Oral Presentation Royal Australian Chemical Institute National Congress 2026

Activity calibration for out-of-equilibrium lead-212 in radiopharmaceutical preparation (136985)

William W Hunt 1 2 , Lachlan McIntosh 3 4 , Peter Roselt 1 2 , Price Jackson 2 3 , Mohammad B Haskali 1 2
  1. Department of Radiopharmaceutical Sciences, The Peter MacCallum Cancer Centre, Melbourne, Victoria, Australia
  2. The Sir Peter MacCallum Department of Oncology, The University of Melbourne, Melbourne, Melbourne, Victoria, Australia
  3. Department of Physical Sciences, The Peter MacCallum Cancer Centre, Melbourne, Victoria, Australia
  4. School of Science, RMIT University, Melbourne, Victoria, Australia

Background: Theranostics combines diagnosis and therapy in a single targeting moiety, with the modality determined by the chosen radionuclide. For diagnosis, positron emission tomography imaging uses positron-emitting radionuclides such as gallium-68 and fluorine-18. For therapy, beta-emitting radionuclides like lutetium-177 (177Lu) and alpha-emitting radionuclides such as lead-212 (212Pb) are employed. Alpha therapy with 212Pb is advantageous because as it’s produced onsite with generators, and a half-life of 10.6 hours aligning well with the biological half-life of many peptide-based targeting vectors that are often used to deliver the cytotoxic payload to tumours.  212Pb presents unique activity-measurement challenges not encountered with conventional isotopes such as 177Lu. It exists in an equilibrium with decay products bismuth-212, polonium-212, and thallium-208 so calibrations are based on this equilibrium rather than on 212Pb alone. Chemical processing separating these components can disturb the equilibrium, complicating radioactivity measurements and dose calibration.

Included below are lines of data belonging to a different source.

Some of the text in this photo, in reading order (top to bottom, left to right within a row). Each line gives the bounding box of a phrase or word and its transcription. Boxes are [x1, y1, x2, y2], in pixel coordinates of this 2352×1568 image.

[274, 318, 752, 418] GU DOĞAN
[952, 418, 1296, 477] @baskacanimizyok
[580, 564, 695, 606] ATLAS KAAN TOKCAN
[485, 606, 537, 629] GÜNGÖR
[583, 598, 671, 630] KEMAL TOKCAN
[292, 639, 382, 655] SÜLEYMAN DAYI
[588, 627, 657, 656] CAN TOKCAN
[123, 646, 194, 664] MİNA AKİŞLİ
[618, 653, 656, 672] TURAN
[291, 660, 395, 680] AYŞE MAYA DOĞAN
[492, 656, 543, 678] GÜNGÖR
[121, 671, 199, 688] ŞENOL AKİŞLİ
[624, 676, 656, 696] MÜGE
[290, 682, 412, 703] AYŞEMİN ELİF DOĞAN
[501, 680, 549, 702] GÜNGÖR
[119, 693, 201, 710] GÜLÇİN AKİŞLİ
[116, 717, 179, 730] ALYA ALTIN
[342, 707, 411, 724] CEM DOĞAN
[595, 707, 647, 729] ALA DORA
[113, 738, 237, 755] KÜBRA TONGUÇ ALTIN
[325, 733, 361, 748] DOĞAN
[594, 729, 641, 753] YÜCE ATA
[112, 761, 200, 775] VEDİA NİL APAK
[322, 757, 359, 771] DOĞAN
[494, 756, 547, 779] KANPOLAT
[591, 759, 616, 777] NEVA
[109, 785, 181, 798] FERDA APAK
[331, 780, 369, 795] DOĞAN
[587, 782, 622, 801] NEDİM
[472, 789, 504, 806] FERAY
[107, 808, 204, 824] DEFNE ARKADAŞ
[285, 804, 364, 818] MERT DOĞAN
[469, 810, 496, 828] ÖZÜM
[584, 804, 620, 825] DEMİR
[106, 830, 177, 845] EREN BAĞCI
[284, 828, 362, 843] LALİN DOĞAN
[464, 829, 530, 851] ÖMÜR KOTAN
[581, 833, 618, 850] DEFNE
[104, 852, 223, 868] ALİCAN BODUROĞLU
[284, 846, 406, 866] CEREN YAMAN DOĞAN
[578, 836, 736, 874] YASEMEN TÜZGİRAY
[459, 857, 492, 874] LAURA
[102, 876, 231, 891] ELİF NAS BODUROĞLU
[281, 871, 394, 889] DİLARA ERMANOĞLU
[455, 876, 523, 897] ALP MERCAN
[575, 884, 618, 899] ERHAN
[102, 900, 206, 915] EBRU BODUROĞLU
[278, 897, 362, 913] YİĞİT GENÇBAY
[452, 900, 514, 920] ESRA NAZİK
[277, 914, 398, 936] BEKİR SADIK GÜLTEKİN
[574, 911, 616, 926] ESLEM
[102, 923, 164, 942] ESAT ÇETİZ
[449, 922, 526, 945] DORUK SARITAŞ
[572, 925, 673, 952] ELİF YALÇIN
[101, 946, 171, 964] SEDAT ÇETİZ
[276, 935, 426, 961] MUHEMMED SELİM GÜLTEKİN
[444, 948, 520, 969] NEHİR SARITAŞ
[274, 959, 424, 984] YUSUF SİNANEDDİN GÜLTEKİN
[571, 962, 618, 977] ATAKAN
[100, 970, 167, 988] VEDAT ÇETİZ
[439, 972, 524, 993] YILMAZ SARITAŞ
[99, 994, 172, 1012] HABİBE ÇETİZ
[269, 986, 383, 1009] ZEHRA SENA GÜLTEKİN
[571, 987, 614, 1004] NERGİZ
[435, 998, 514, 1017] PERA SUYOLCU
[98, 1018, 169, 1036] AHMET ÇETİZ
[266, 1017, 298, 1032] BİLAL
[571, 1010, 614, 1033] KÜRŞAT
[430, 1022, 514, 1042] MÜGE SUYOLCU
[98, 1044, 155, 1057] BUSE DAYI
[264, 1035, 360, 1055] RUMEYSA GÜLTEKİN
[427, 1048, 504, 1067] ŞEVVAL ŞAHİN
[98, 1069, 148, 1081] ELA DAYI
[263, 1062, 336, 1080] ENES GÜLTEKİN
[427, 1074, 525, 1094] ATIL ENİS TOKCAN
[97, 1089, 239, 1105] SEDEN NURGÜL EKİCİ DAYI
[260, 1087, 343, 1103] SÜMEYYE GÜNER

Methods: We developed a gamma spectroscopy approach using a NaI detector to map decay-product distributions when out of equilibrium. After calibrating the detector to the equilibrium system, the proportion of daughter products after any disturbance may be determined by comparison to the known equilibrium spectrum due to daughter photon emissions. We determined correction factors for accurate radioactivity measurements with standard ionization chambers for any equilibrium state.

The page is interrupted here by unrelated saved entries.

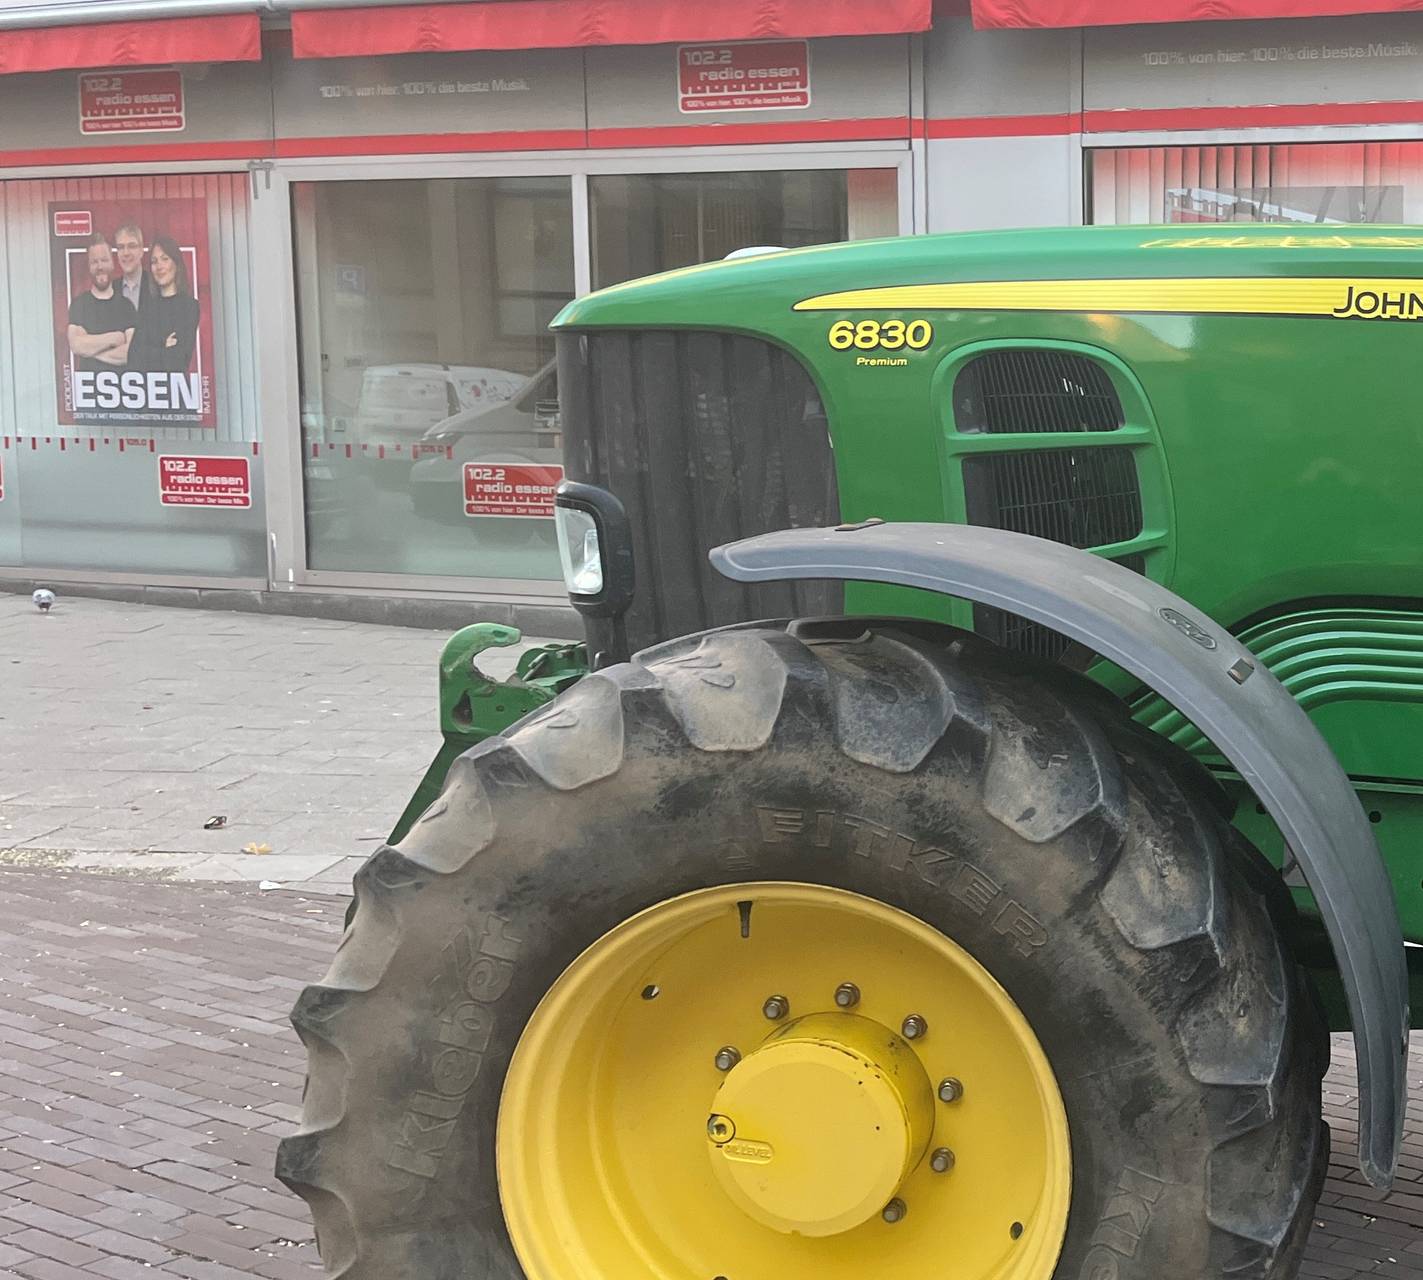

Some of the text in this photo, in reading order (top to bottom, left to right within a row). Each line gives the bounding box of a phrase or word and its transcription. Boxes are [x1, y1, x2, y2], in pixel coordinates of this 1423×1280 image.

[684, 50, 732, 65] 102.2
[1188, 54, 1213, 64] von
[1297, 47, 1319, 60] die
[1322, 45, 1366, 59] beste
[699, 67, 800, 81] radio essen
[96, 93, 176, 105] radio essen
[828, 319, 934, 351] 6830
[856, 357, 908, 366] Premium
[74, 371, 199, 409] ESSEN
[163, 460, 197, 472] 102.2
[169, 474, 244, 485] radio essen
[468, 468, 505, 481] 102.2
[476, 482, 512, 493] radio
[387, 910, 523, 1179] Kleber
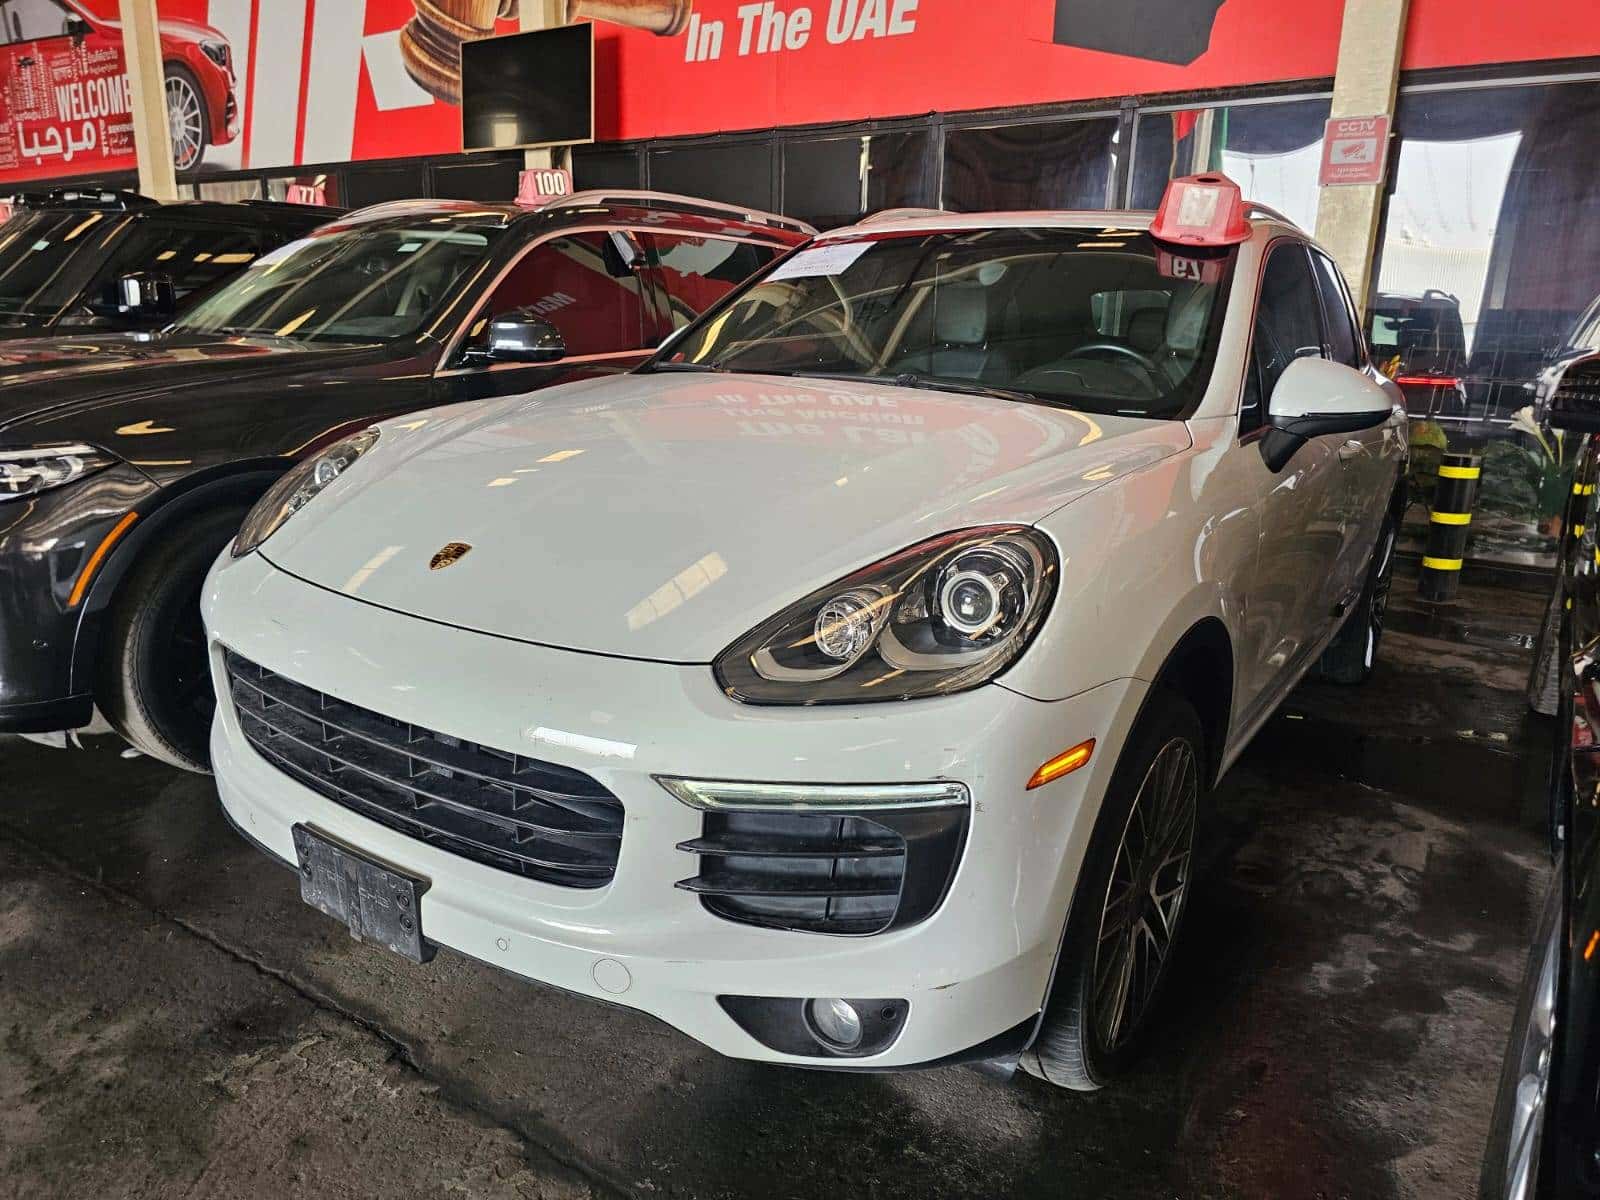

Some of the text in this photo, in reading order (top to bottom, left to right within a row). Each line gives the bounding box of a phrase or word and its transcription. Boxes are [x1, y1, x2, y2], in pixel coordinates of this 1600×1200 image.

[685, 0, 918, 63] In The UAE
[18, 120, 97, 165] مرحبا
[1338, 119, 1377, 132] CCTV
[536, 172, 565, 196] 100

Results: This approach addresses a key limitation in radiopharmacy, improving safety, efficacy, and reproducibility, and can be adapted to other isotopes with similar dynamics. Considerations include workflow integration, cross-validation across platforms, regulatory implications, and broader applicability to manufacturing and clinical settings.

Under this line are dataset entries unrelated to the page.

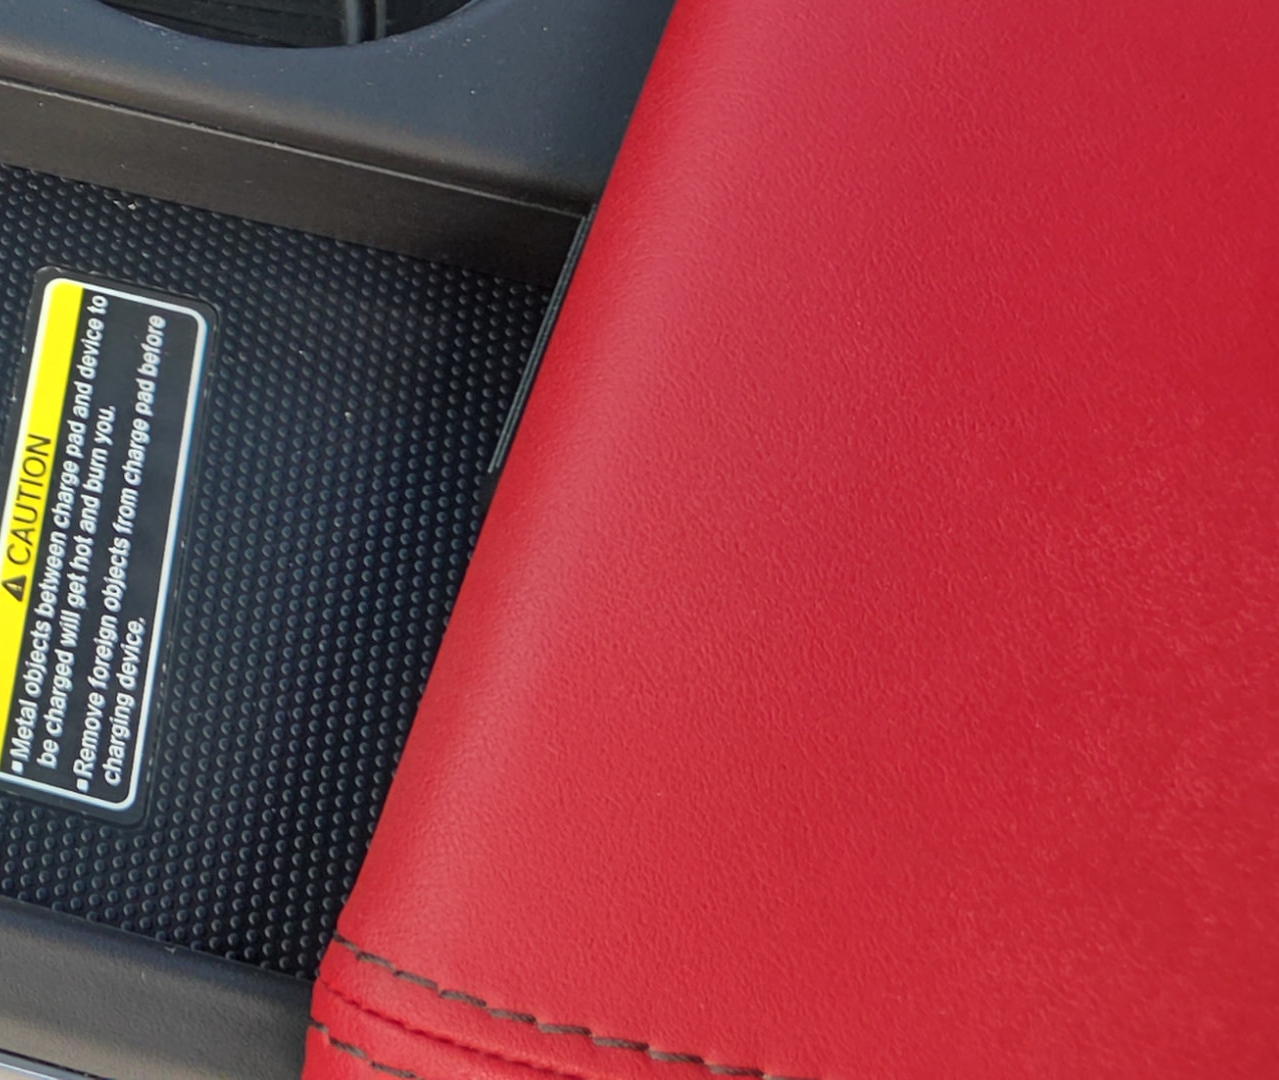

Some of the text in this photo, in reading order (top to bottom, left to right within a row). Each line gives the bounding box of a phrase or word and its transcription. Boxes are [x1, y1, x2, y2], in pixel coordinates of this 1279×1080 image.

[87, 295, 108, 316] to
[76, 317, 105, 380] device
[137, 314, 167, 377] before
[73, 381, 94, 419] and
[133, 378, 156, 416] pad
[65, 420, 87, 459] pad
[122, 417, 150, 486] charge
[51, 460, 80, 530] charge
[82, 445, 108, 494] burn
[6, 433, 52, 566] CAUTION
[79, 494, 101, 535] and
[112, 486, 139, 534] from
[34, 531, 68, 619] between
[69, 534, 94, 572] hot
[101, 537, 133, 613] objects
[66, 571, 89, 609] get
[60, 609, 82, 648] will
[87, 614, 119, 690] foreign
[23, 619, 52, 698] objects
[43, 648, 75, 737] charged
[36, 738, 59, 770] be
[102, 692, 136, 787] charging

Conclusion: A gamma spectroscopy–based method using a NaI detector determines out-of-equilibrium decay distributions and derives correction factors for precise measurements with standard detectors, enabling reliable analysis, calibration, and quality control of 212Pb across equilibrium states. This supports robust dose quantification and may better facilitate clinical translation of 212Pb-based theranostics.